**WHAT IS REQUIRED:**
Restate the listing word for word; omit the images.

>>>

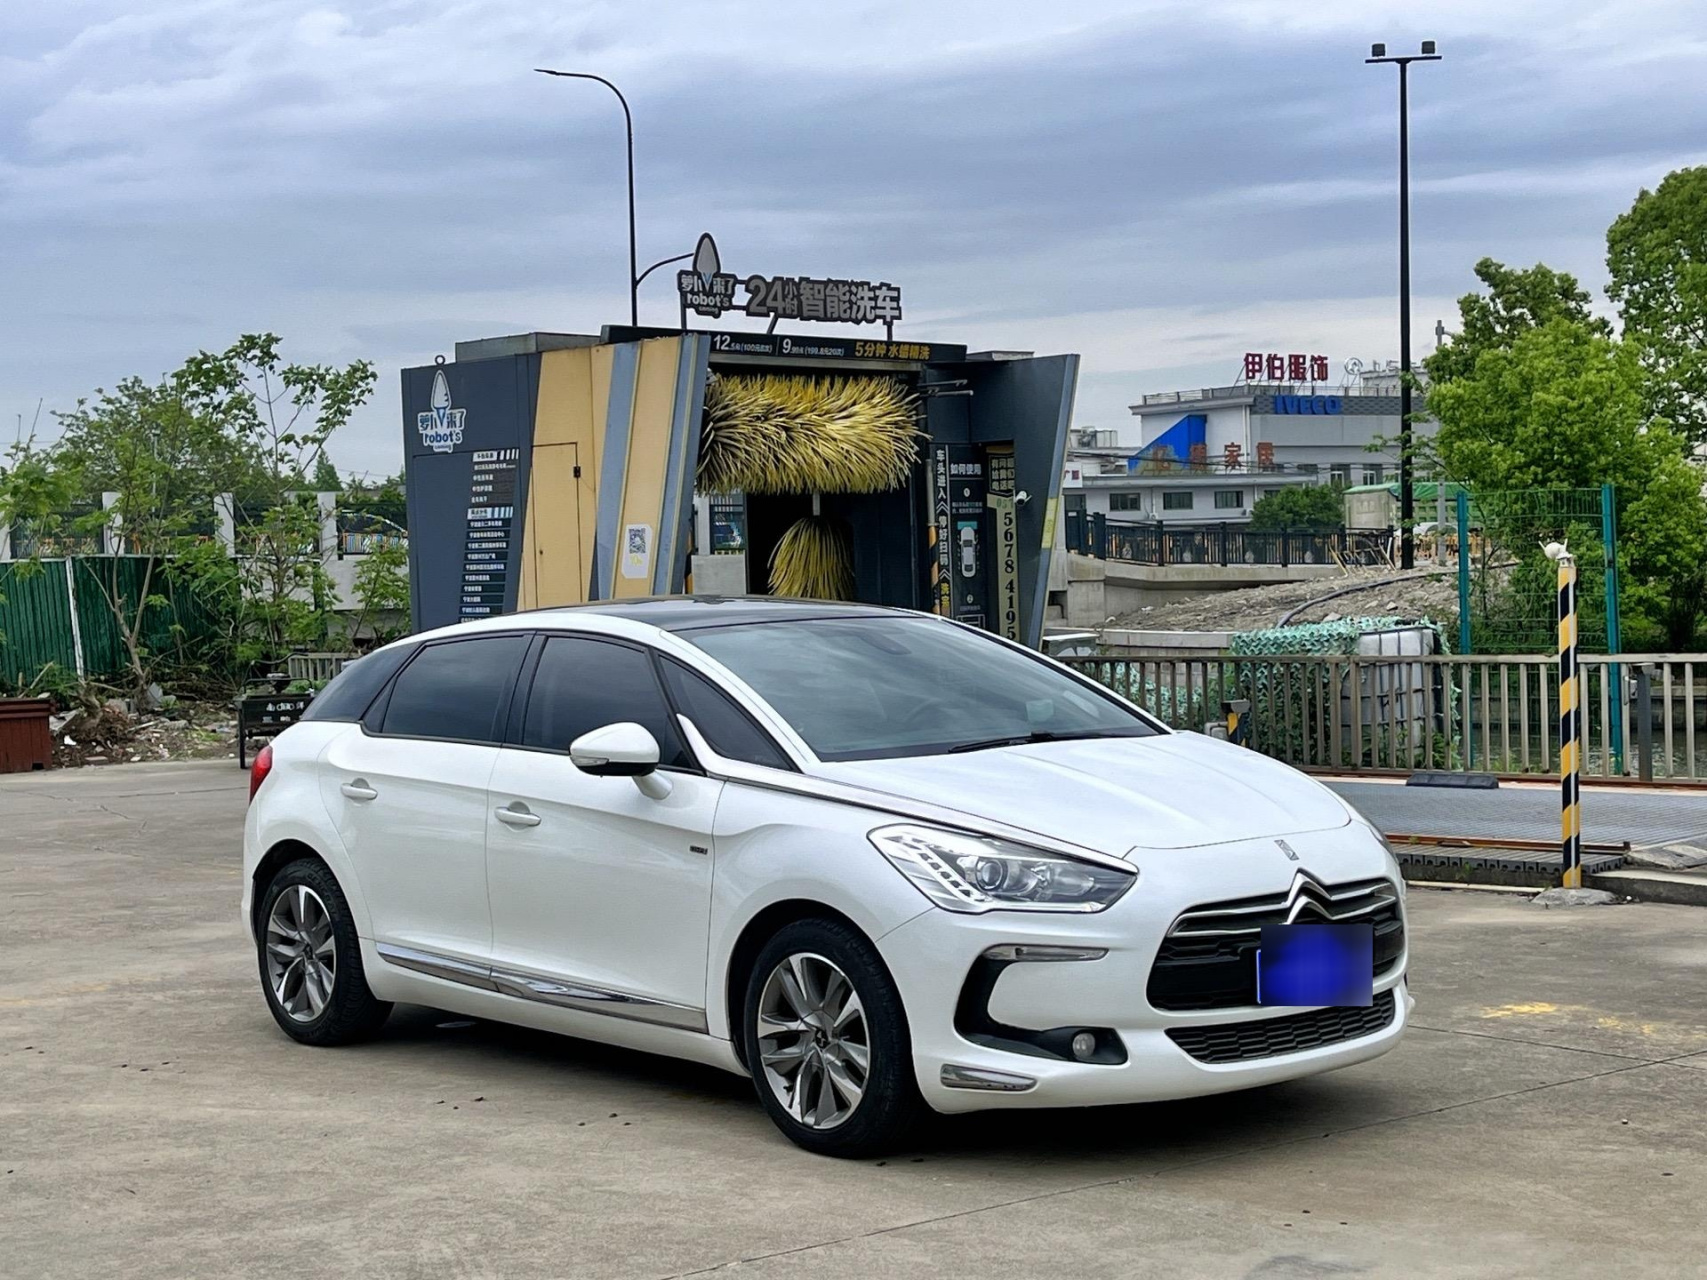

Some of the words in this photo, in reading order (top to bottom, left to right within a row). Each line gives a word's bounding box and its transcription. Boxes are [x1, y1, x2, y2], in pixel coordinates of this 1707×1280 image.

[687, 294, 730, 308] robot's
[748, 278, 901, 322] 24小时智能洗车
[1244, 353, 1329, 382] 伊伯服饰
[1274, 395, 1342, 415] IVECO
[424, 430, 461, 443] robot's
[936, 449, 947, 499] 车头进入
[950, 463, 982, 476] 如何使用
[1003, 512, 1015, 574] 5678
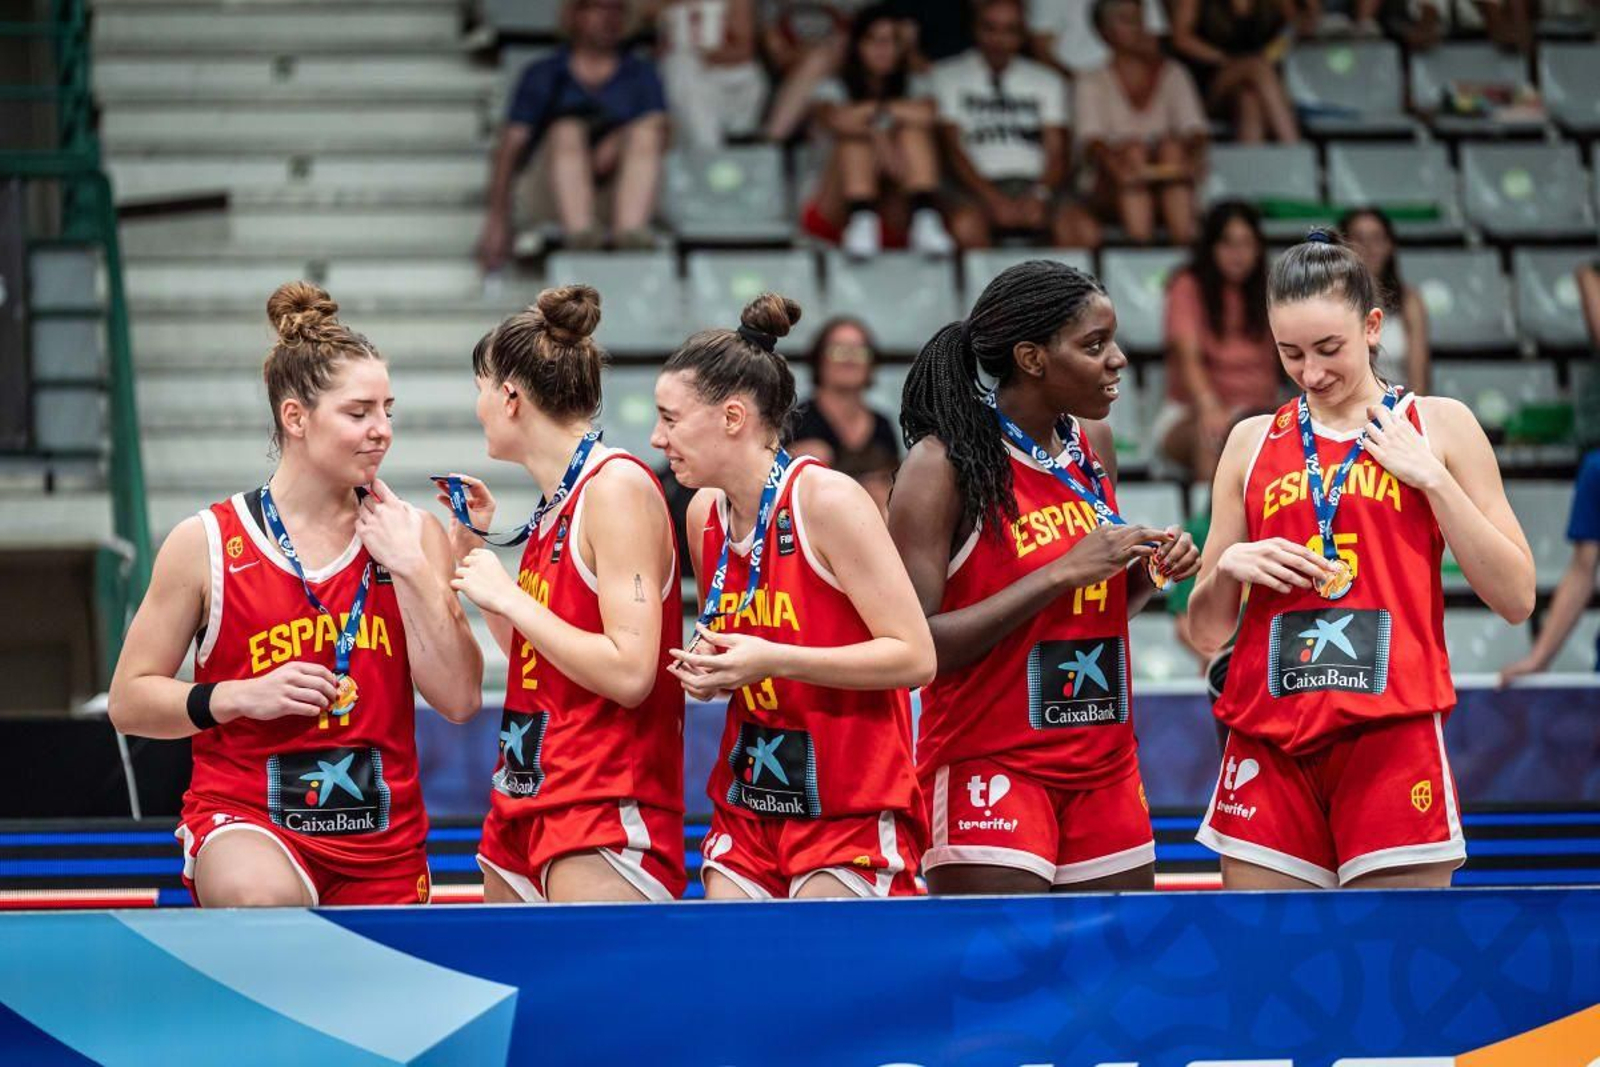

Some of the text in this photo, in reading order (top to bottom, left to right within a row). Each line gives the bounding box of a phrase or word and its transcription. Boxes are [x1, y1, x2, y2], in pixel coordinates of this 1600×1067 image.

[1010, 501, 1098, 558] ESPA
[1282, 668, 1369, 691] CaixaBank
[1044, 702, 1116, 724] CaixaBank
[285, 812, 376, 832] CaixaBank

<<<

**WRITTEN RESPONSE:**
Some of the words in this photo, in reading order (top to bottom, left to right within a row). Each line gives a word's bounding box and its transcription. Boxes are [x1, y1, x2, y2], in pixel coordinates of this 1707×1280 image.

[687, 294, 730, 308] robot's
[748, 278, 901, 322] 24小时智能洗车
[1244, 353, 1329, 382] 伊伯服饰
[1274, 395, 1342, 415] IVECO
[424, 430, 461, 443] robot's
[936, 449, 947, 499] 车头进入
[950, 463, 982, 476] 如何使用
[1003, 512, 1015, 574] 5678

Some of the text in this photo, in reading order (top to bottom, left to right within a row). Each line gives the bounding box of a phrase or word and its transcription. Boxes are [x1, y1, x2, y2], in pixel coordinates of this 1600×1067 image.

[1010, 501, 1098, 558] ESPA
[1282, 668, 1369, 691] CaixaBank
[1044, 702, 1116, 724] CaixaBank
[285, 812, 376, 832] CaixaBank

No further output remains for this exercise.